Project description:Background: The efficiency of immune checkpoint inhibitors (ICIs) in bladder cancer (BLCA) treatment has been widely validated; however, the tumor response to ICIs was generally low. It is critical and urgent to find biomarkers that can predict tumor response to ICIs. The tumor microenvironment (TME), which may play important roles to either dampen or enhance immune responses, has been widely concerned. Methods: The cancer genome atlas BLCA (TCGA-BLCA) cohort (n = 400) was used in this study. Based on the proportions of 22 types of immune cells calculated by CIBERSORT, TME was classified by K-means Clustering and differentially expressed genes (DEGs) were determined. Based on DEGs, patients were classified into three groups, and cluster signature genes were identified after reducing redundant genes. Then TMEscore was calculated based on cluster signature genes, and the samples were classified to two subtypes. We performed somatic mutation and copy number variation analysis to identify the genetic characteristics of the two subtypes. Correlation analysis was performed to explore the correlation between TMEscore and the tumor response to ICIs as well as the prognosis of BLCA. Results: According to the proportions of immune cells, two TME clusters were determined, and 1,144 DEGs and 138 cluster signature genes were identified.

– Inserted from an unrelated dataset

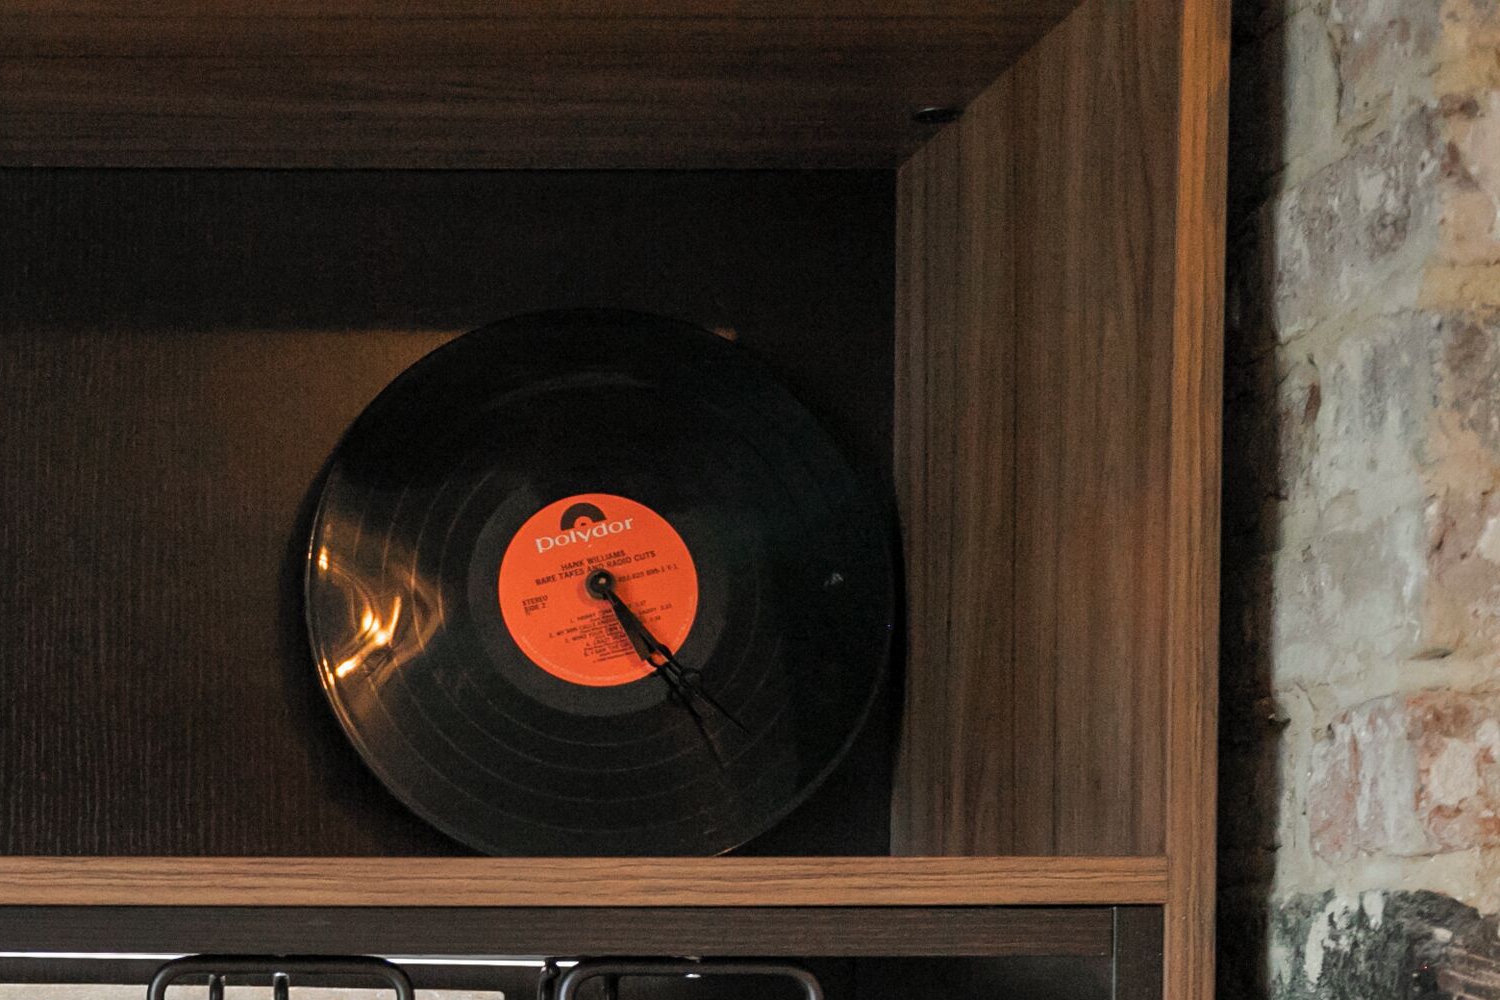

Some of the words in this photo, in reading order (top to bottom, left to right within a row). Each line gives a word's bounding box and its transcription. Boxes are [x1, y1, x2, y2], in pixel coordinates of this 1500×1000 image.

Based on cluster signature genes, samples were classified into TMEscore-high (n = 199) and TMEscore-low (n = 201) subtypes. Survival analysis showed patients with TMEscore-high phenotype had better prognosis. Among the 45 differentially expressed micro-RNAs (miRNAs) and 1,033 differentially expressed messenger RNAs (mRNAs) between the two subtypes, 16 miRNAs and 287 mRNAs had statistically significant impact on the prognosis of BLCA. Furthermore, there were 94 genes with significant differences between the two subtypes, and they were enriched in RTK-RAS, NOTCH, WNT, Hippo, and PI3K pathways. The Tumor Immune Dysfunction and Exclusion (TIDE) score of TMEscore-high BLCA was statistically lower than that of TMEscore-low BLCA. Receiver operating characteristic (ROC) curve analysis showed that the area under the curve (AUC) of TMEscore and tumor mutation burden (TMB) is 0.6918 and 0.5374, respectively. Conclusion: We developed a method to classify BLCA patients to two TME subtypes, TMEscore-high and TMEscore-low, and we found TMEscore-high subtype of BLCA had a good prognosis and a good response to ICIs.